Beginning next year we start to see the peak of alt-A loans (not sub-prime, but not quite prime) and then the option-ARMs (million dollar plus mortgages!!!). Notice that the peak in these very high balance mortgages equal and eventually exceed the value of the sub-prime losses we saw in 2007-08. This isn't because there are more of them but because they are very high value mortgages and it doesn't take many million-dollar defaults to equal a whole neighborhood of sub-primes in value.

And, running underneath all of these residential resets are the commercial RE resets (shown in grey)
JPB
 
  1  
Reply Fri 16 Oct, 2009 05:29 pm
@JPB,
Oh -- and the reset values just represent potential defaults from adjustable mortgages. There are plenty of folks defaulting on conventional mortgages due to the economy.
0 Replies
 
cicerone imposter
 
  1  
Reply Fri 16 Oct, 2009 05:30 pm
@JPB,
Yeah, and if you notice, the grey doesn't really peak until the end of 2011.

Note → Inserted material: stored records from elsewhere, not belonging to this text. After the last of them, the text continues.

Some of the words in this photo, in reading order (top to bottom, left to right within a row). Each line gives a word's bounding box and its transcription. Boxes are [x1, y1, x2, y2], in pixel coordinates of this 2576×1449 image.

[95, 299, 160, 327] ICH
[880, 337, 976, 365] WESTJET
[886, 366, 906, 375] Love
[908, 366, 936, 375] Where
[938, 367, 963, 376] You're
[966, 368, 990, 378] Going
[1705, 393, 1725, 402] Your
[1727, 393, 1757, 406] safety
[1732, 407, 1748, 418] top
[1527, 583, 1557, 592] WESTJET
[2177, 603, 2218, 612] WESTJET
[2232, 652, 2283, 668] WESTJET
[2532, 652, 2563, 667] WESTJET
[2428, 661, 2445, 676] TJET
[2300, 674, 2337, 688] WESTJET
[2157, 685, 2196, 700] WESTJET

I've shifted over 60% of my YTD gains into my intermediate bond funds today, because I believe inflation is in our future. Even if I guess wrong, I still have some investments in the funds that shows the most gains this year, so not all will be lost.

spendius
 
  1  
Reply Fri 16 Oct, 2009 05:45 pm
@cicerone imposter,
Check out ci. whether folk like you are increasing or decreasing. That will give you a good idea where the US economy is headed.
0 Replies
 
okie
 
  1  
Reply Thu 22 Oct, 2009 08:20 am
I just don't see how some people can claim the recession is over. I don't see how it will really recover until we get this bunch out of Congress and the Whitehouse with their adversarial attitude toward us, the producers out here, and free markets out here.

"New Unemployment Claims Rise More Than Expected to 531,000
The Labor Department said new jobless claims rose to a seasonally adjusted 531,000 last week, from an upwardly revised 520,000 the previous week. Wall Street economists had expected only a slight increase, according to Thomson Reuters."

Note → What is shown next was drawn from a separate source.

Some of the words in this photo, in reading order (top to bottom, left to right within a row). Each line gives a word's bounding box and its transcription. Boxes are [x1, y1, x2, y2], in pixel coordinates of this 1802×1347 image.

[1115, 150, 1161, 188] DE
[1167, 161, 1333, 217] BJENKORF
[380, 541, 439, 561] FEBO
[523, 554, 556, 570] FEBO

http://www.foxnews.com/politics/2009/10/22/new-unemployment-claims-rise-expected/
cicerone imposter
 
  0  
Reply Fri 23 Oct, 2009 07:13 am
@okie,
okie, You are an idiot! You expect Obama and this congress to reverse the deepest recession our country has ever had in nine months that Bush created in eight years.

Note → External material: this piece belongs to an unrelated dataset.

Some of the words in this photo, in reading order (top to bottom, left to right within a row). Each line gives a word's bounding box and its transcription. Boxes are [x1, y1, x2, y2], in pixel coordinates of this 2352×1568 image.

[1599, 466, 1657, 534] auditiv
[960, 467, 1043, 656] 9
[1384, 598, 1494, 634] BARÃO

Your brain is damaged too much for any cure.
Foofie
 
  1  
Reply Fri 23 Oct, 2009 09:08 pm
@cicerone imposter,
cicerone imposter wrote:

okie, You are an idiot! You expect Obama and this congress to reverse the deepest recession our country has ever had in nine months that Bush created in eight years.

Your brain is damaged too much for any cure.


No. I do not expect him to reverse the recession. But, he talked about job creation with so much confidence, in my opinion, I thought by now the unemployment would have been reversed. The rhetoric leaves a credibility gap, I believe. Did FDR have the WPA in place by this time, during FDR's watch?
realjohnboy
 
  1  
Reply Fri 23 Oct, 2009 09:52 pm
@Foofie,
no.
0 Replies
 
rabel22
 
  1  
Reply Fri 23 Oct, 2009 11:47 pm
@Foofie,
Do you really expect obama to fix up in 9 months what Bush took 8 years to create. Git real!
cicerone imposter
 
  1  
Reply Sat 24 Oct, 2009 09:45 am
@rabel22,
What many of the conservatives also forget is that the first TARP funds were approved by Bush; they than come back and scream about the redistribution of wealth.

They have no consistency in their arguments.